The chemical environment and mechanical environment of aeroengine and gas turbine turbines are very harsh. The huge stress generated by the rotation speed of 6000~30000 rpm requires the turbine materials to have excellent mechanical properties. In the more than 70 years since the advent of gas turbine engines, advances in material science and the application of cooling measures have made the temperature resistance of high-temperature components of engines significantly improved.
At present, titanium alloys are mostly used for the manufacture of cold-end parts, while the manufacture of hot-end parts uses a large number of nickel-based alloys, adding rare refractory metals such as rhenium and hafnium, which make them have excellent temperature resistance and stiffness strength properties. Advances in material science make it possible for future engines to use light heat-resistant materials, including intermetallic compounds and metal-based composite materials (composites composed of metals or alloys as the matrix and reinforcements such as fibers, whiskers, and particles).
The turbine blades of the large turbofan engine in active use are manufactured by single crystal growth. The single crystal has reliable mechanical properties, excellent fatigue strength and creep resistance (plastic deformation under high temperature and high strain environment). The equiaxed crystal structure has good mechanical properties in all directions; oriented crystal turbine blades have improved mechanical properties in the longitudinal axis direction; single crystal turbine blades have superior mechanical properties in the longitudinal axis direction and improved heat resistance.
The characteristics of ceramic materials are hardness, oxidation resistance and high temperature resistance. In the future, if its impact resistance can achieve technological breakthroughs, it will be very suitable for making high temperature turbine blades.

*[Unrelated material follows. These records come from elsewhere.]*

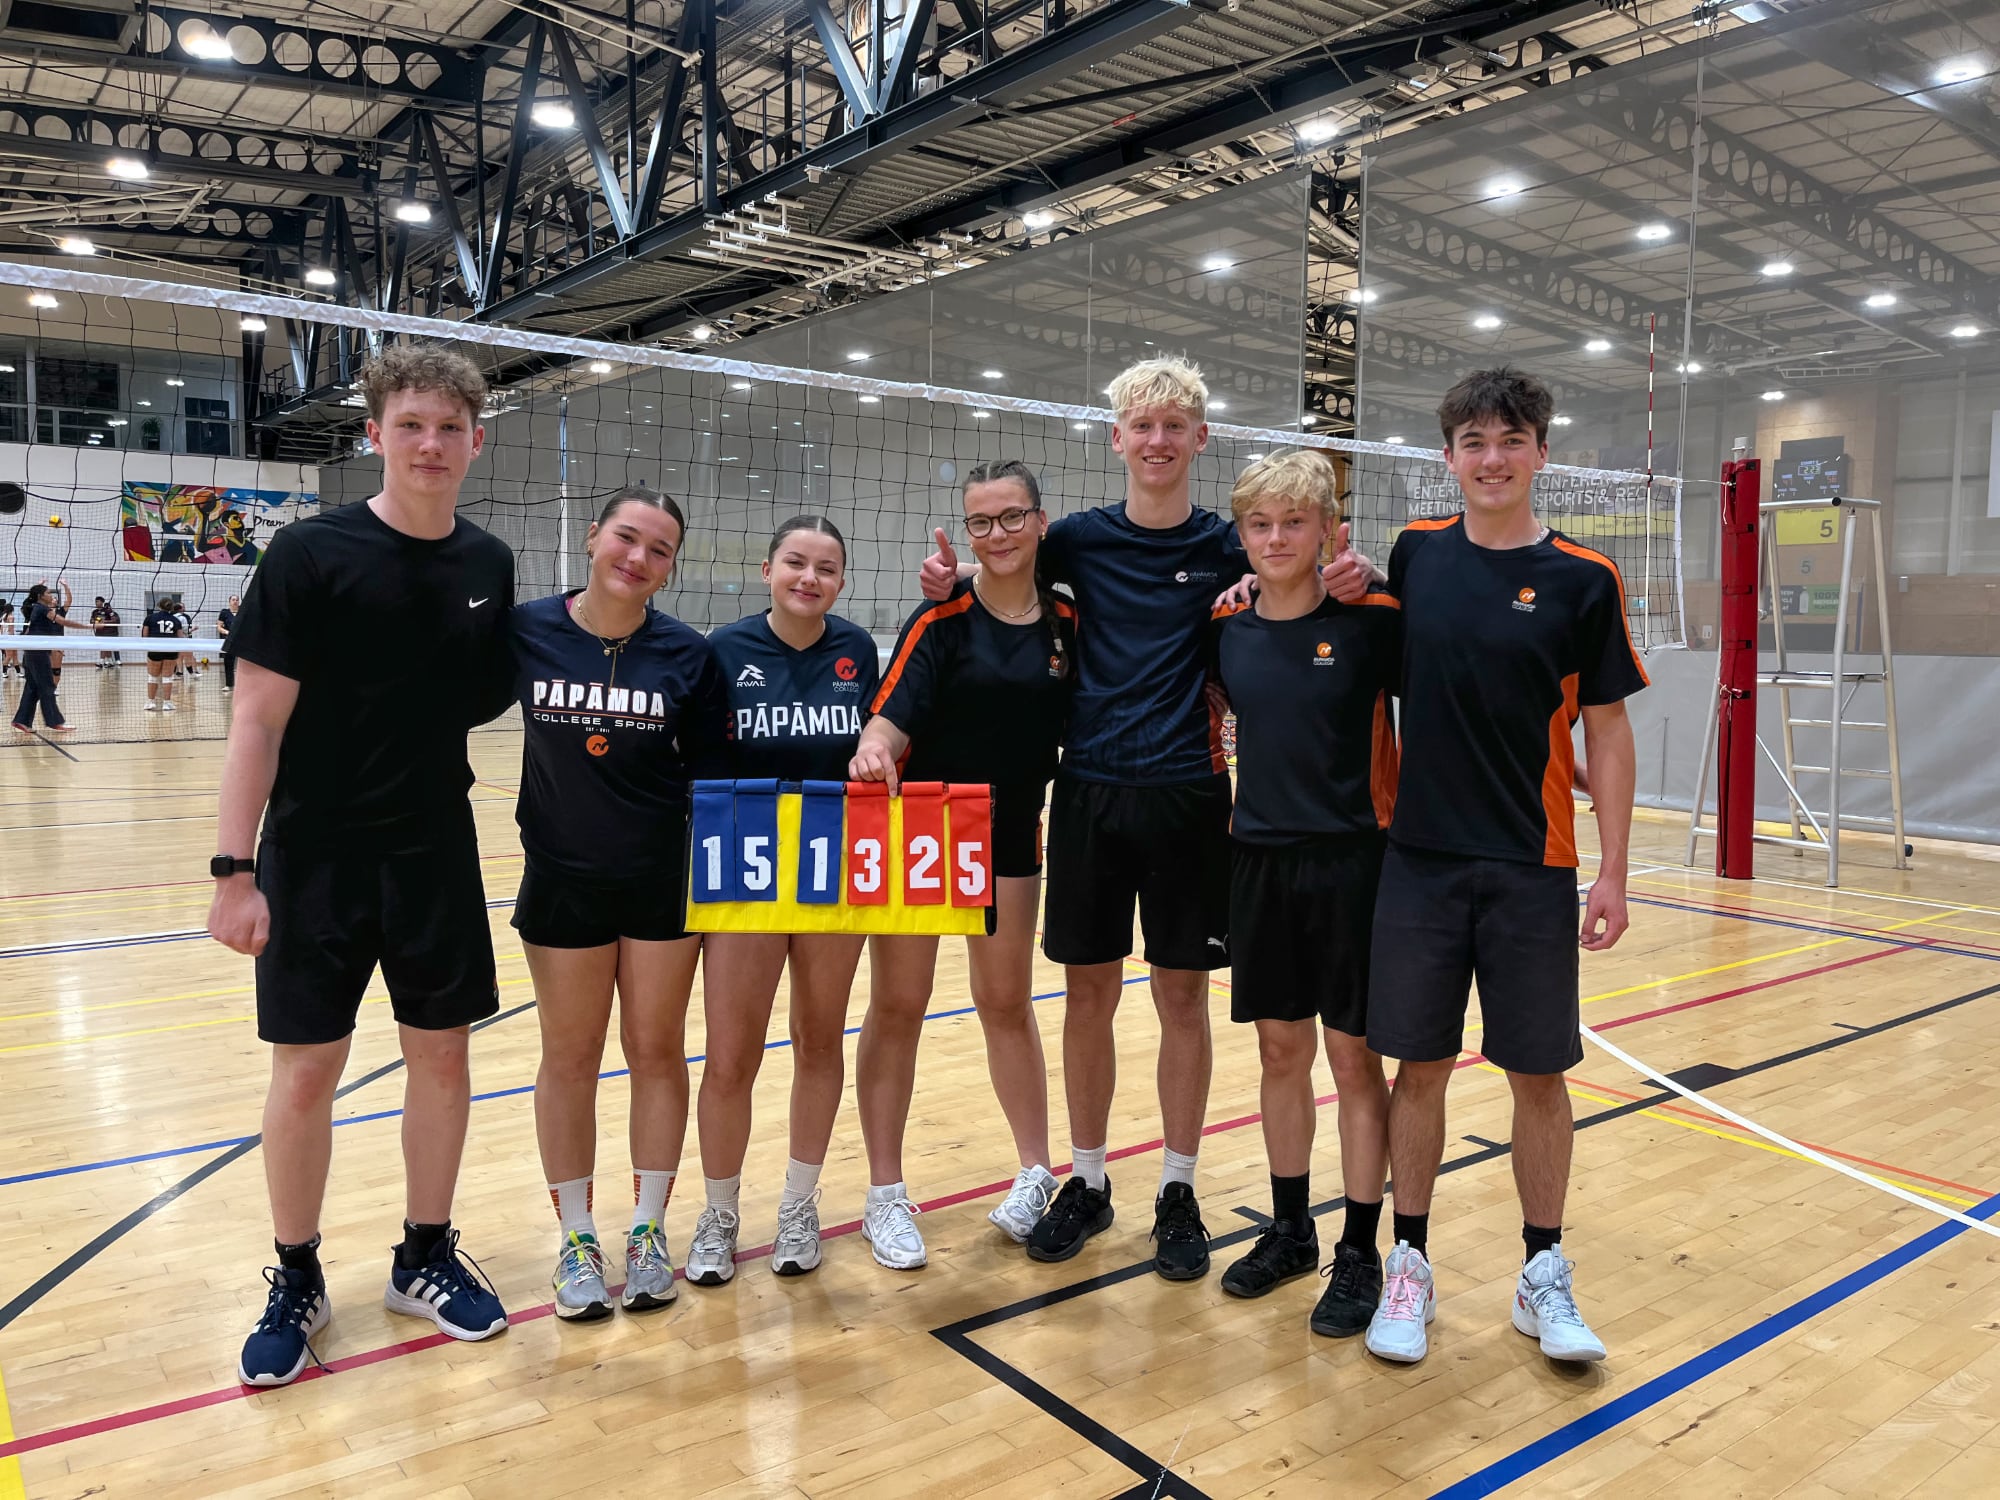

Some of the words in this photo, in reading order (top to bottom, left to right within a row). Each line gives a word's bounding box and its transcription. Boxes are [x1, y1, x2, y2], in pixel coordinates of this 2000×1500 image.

[1535, 489, 1593, 508] SPORTS
[1598, 488, 1610, 504] &
[1820, 519, 1833, 538] 5
[1801, 560, 1810, 574] 5
[157, 619, 174, 634] 12
[736, 680, 766, 688] RIVAL
[533, 679, 665, 717] PĀPĀMOA
[533, 712, 602, 726] COLLEGE
[614, 719, 665, 732] SPORT
[736, 701, 862, 741] PĀPĀMOA
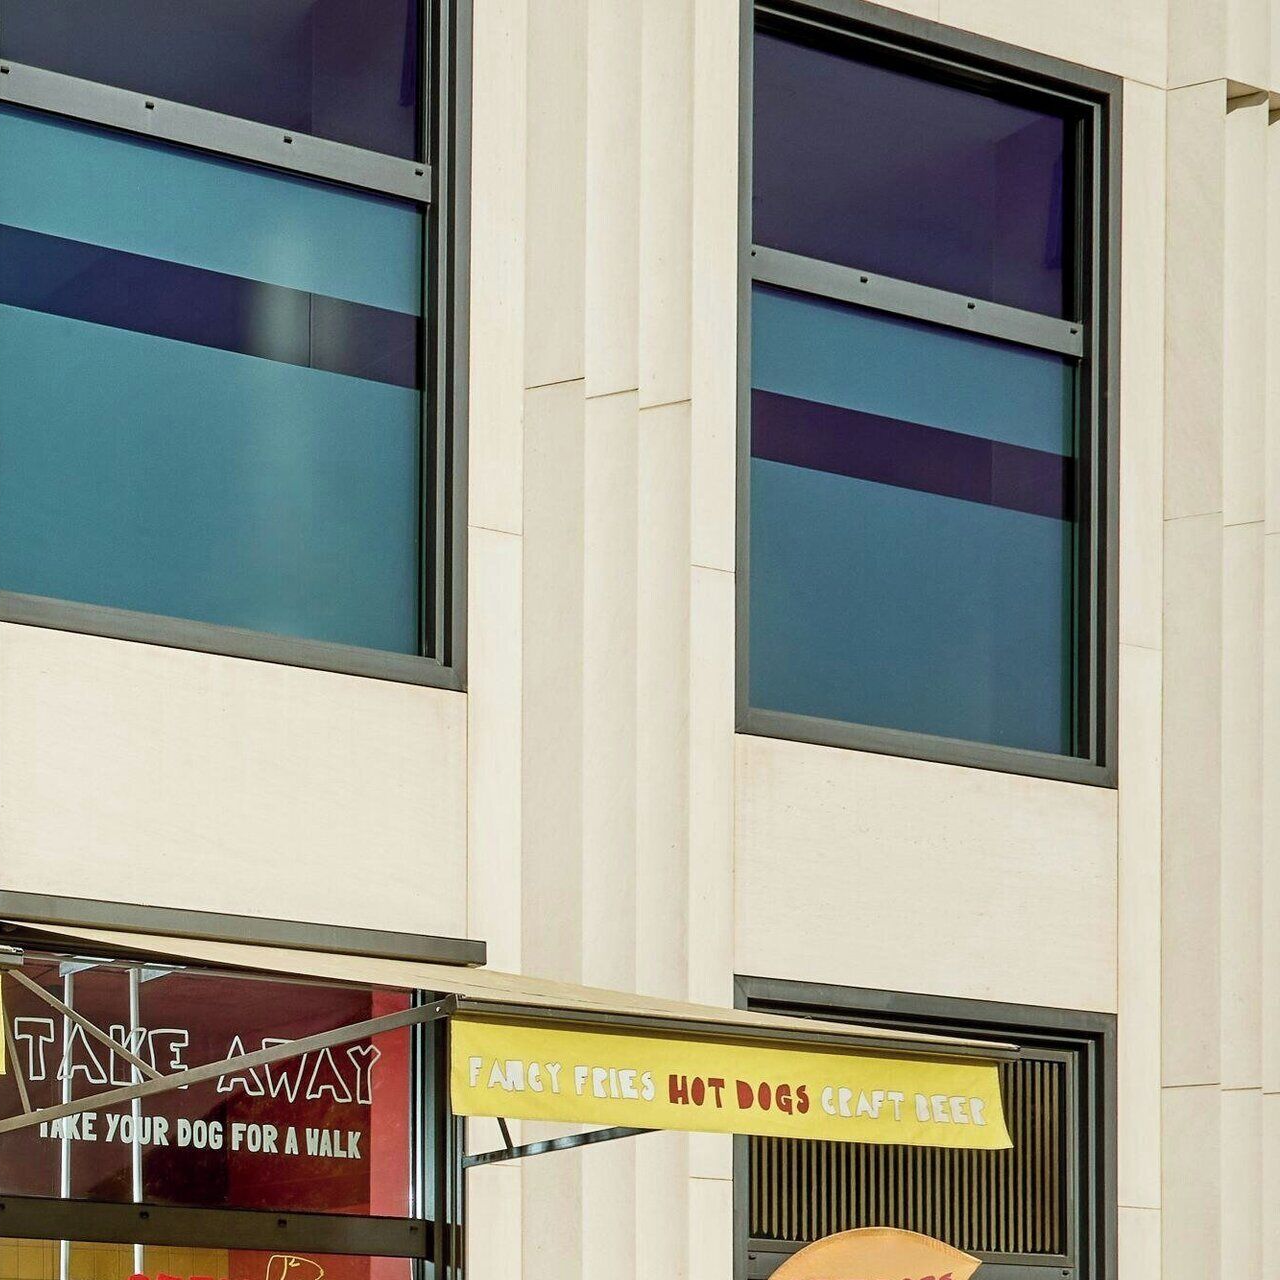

Turbine blade surface coating technology
In order to improve the high-temperature creep strength and resistance to high-temperature oxidative corrosion required by the blade, one of the methods is to use surface coating technology to provide protection. There are two main types of coatings currently in use: diffusion coatings and cladding coatings. The typical composition of the diffusion coating is protective Al2O3, Cr2O or SiO2 (the numbers are all subscripts). The typical composition of the coating is MCrAlY, which can be prepared by physical vapor deposition or plasma spraying.
According to some data, the oxidation resistance of the vapor-deposited NiCoCrAlY composite coating is 1.5 times that of the single aluminide coating, and the vacuum plasma sprayed NiCoCrAlY+ (Si, Hf) coating is 5 times that of it. Hf and Si can improve the adhesion of alumina and delay the thickening of the scale.
The ceramic thermal barrier coating is used as the thermal insulation layer of the turbine air-cooled cooling blades. For example, the zirconia coating can reduce the surface temperature of the high-temperature alloy by 100~200 degrees Celsius. If it is applied to the third generation single crystal alloy combined with advanced cooling technology, it can The temperature is reduced by 350 degrees Celsius, which is expected to greatly increase the temperature of the engine before the turbine.
The vapor deposited ceramic coating (EB-PVD) produced by electron beam evaporation can provide a columnar ceramic structure. It has an order of magnitude improvement in flaking life compared to plasma sprayed coatings. For example, the PWA142 blade adopts the PWA73 coating of physical vapor deposition method to improve the corrosion resistance and oxidation resistance of the blade, and it will not have a deleterious effect on tensile, long-term creep and high-cycle fatigue performance levels.